* Provided records *

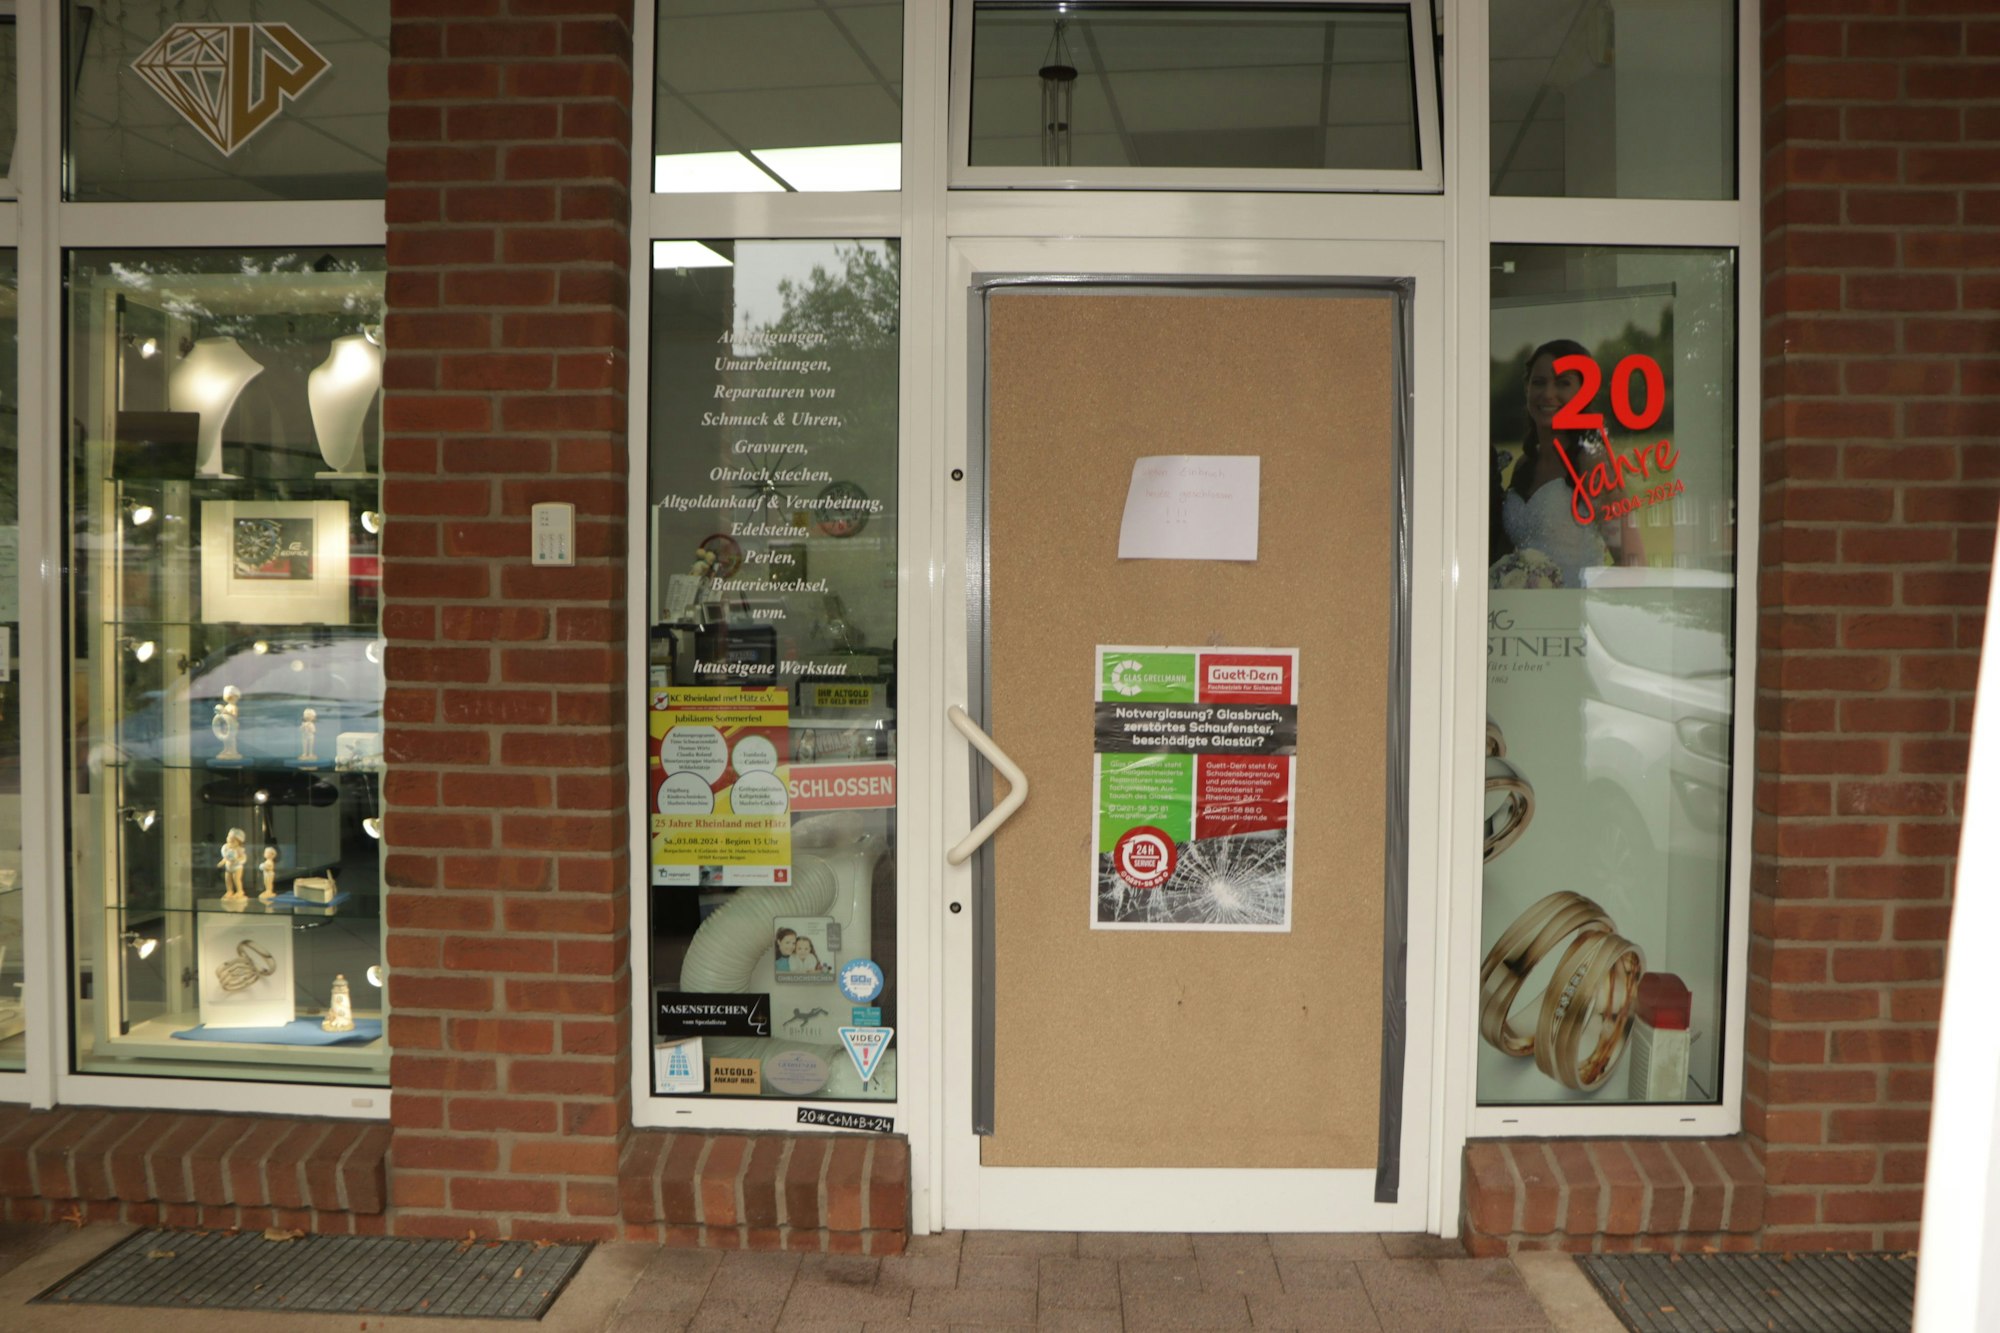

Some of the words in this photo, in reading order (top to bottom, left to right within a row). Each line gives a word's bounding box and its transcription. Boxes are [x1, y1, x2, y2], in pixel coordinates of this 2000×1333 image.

[714, 357, 832, 374] Umarbeitungen,
[713, 384, 805, 401] Reparaturen
[810, 387, 836, 399] von
[1552, 354, 1666, 430] 20
[701, 412, 769, 427] Schmuck
[773, 413, 787, 426] &
[792, 412, 842, 429] Uhren,
[734, 439, 809, 455] Gravuren,
[710, 467, 770, 482] Ohrloch
[774, 468, 833, 483] stechen,
[1553, 427, 1680, 525] Jahre
[658, 494, 765, 512] Altgoldankauf
[767, 496, 780, 508] &
[785, 495, 884, 513] Verarbeitung,
[1601, 478, 1685, 522] 2004-2024
[730, 522, 810, 538] Edelsteine,
[744, 550, 797, 566] Perlen,
[711, 577, 830, 594] Batteriewechsel,
[752, 608, 787, 620] uvm.
[693, 660, 775, 677] hauseigene
[779, 661, 848, 676] Werkstatt
[1123, 674, 1142, 682] GLAS
[1144, 674, 1187, 683] GRELLMANN
[1212, 669, 1279, 682] Guett-Dern
[818, 689, 832, 698] IHR
[834, 689, 869, 698] ALTGOLD
[1253, 684, 1282, 692] Sicherheit
[683, 693, 721, 702] Rheinland
[760, 694, 774, 702] e.V.
[675, 714, 714, 723] Jubiläums
[715, 715, 762, 723] Sommerfest
[1116, 708, 1213, 722] Notverglasung?
[1217, 709, 1283, 723] Glasbruch,
[1123, 721, 1186, 733] zerstörtes
[1189, 722, 1274, 736] Schaufenster,
[1132, 735, 1208, 748] beschädigte
[1211, 735, 1265, 748] Glastür?
[1248, 762, 1267, 770] steht
[1268, 762, 1278, 770] für
[1206, 770, 1280, 779] Schadensbegrenzung
[1221, 778, 1272, 787] professionellen
[1205, 786, 1253, 794] Glasnotdienst
[1255, 786, 1264, 794] im
[655, 819, 666, 828] 25
[668, 819, 693, 828] Jahre
[695, 819, 742, 829] Rheinland
[744, 820, 762, 829] met
[764, 819, 786, 829] Hätz
[1205, 814, 1268, 822] www.guett-dern.de
[725, 838, 751, 847] Beginn
[753, 838, 762, 846] 15
[763, 838, 779, 846] Uhr
[1136, 844, 1147, 856] 24
[1148, 844, 1155, 856] H
[1133, 858, 1156, 868] SERVICE
[661, 1004, 748, 1015] NASENSTECHEN
[695, 1018, 727, 1026] Spezialisten
[850, 1033, 882, 1043] VIDEO
[714, 1067, 757, 1077] ALTGOLD-
[714, 1076, 739, 1084] ANKAUF
[740, 1077, 757, 1085] HIER.

* What to work on *
For this step, transcribe all the material above exactly and drop the images.

* Result *
Some of the words in this photo, in reading order (top to bottom, left to right within a row). Each line gives a word's bounding box and its transcription. Boxes are [x1, y1, x2, y2], in pixel coordinates of this 2000×1333 image.

[714, 357, 832, 374] Umarbeitungen,
[713, 384, 805, 401] Reparaturen
[810, 387, 836, 399] von
[1552, 354, 1666, 430] 20
[701, 412, 769, 427] Schmuck
[773, 413, 787, 426] &
[792, 412, 842, 429] Uhren,
[734, 439, 809, 455] Gravuren,
[710, 467, 770, 482] Ohrloch
[774, 468, 833, 483] stechen,
[1553, 427, 1680, 525] Jahre
[658, 494, 765, 512] Altgoldankauf
[767, 496, 780, 508] &
[785, 495, 884, 513] Verarbeitung,
[1601, 478, 1685, 522] 2004-2024
[730, 522, 810, 538] Edelsteine,
[744, 550, 797, 566] Perlen,
[711, 577, 830, 594] Batteriewechsel,
[752, 608, 787, 620] uvm.
[693, 660, 775, 677] hauseigene
[779, 661, 848, 676] Werkstatt
[1123, 674, 1142, 682] GLAS
[1144, 674, 1187, 683] GRELLMANN
[1212, 669, 1279, 682] Guett-Dern
[818, 689, 832, 698] IHR
[834, 689, 869, 698] ALTGOLD
[1253, 684, 1282, 692] Sicherheit
[683, 693, 721, 702] Rheinland
[760, 694, 774, 702] e.V.
[675, 714, 714, 723] Jubiläums
[715, 715, 762, 723] Sommerfest
[1116, 708, 1213, 722] Notverglasung?
[1217, 709, 1283, 723] Glasbruch,
[1123, 721, 1186, 733] zerstörtes
[1189, 722, 1274, 736] Schaufenster,
[1132, 735, 1208, 748] beschädigte
[1211, 735, 1265, 748] Glastür?
[1248, 762, 1267, 770] steht
[1268, 762, 1278, 770] für
[1206, 770, 1280, 779] Schadensbegrenzung
[1221, 778, 1272, 787] professionellen
[1205, 786, 1253, 794] Glasnotdienst
[1255, 786, 1264, 794] im
[655, 819, 666, 828] 25
[668, 819, 693, 828] Jahre
[695, 819, 742, 829] Rheinland
[744, 820, 762, 829] met
[764, 819, 786, 829] Hätz
[1205, 814, 1268, 822] www.guett-dern.de
[725, 838, 751, 847] Beginn
[753, 838, 762, 846] 15
[763, 838, 779, 846] Uhr
[1136, 844, 1147, 856] 24
[1148, 844, 1155, 856] H
[1133, 858, 1156, 868] SERVICE
[661, 1004, 748, 1015] NASENSTECHEN
[695, 1018, 727, 1026] Spezialisten
[850, 1033, 882, 1043] VIDEO
[714, 1067, 757, 1077] ALTGOLD-
[714, 1076, 739, 1084] ANKAUF
[740, 1077, 757, 1085] HIER.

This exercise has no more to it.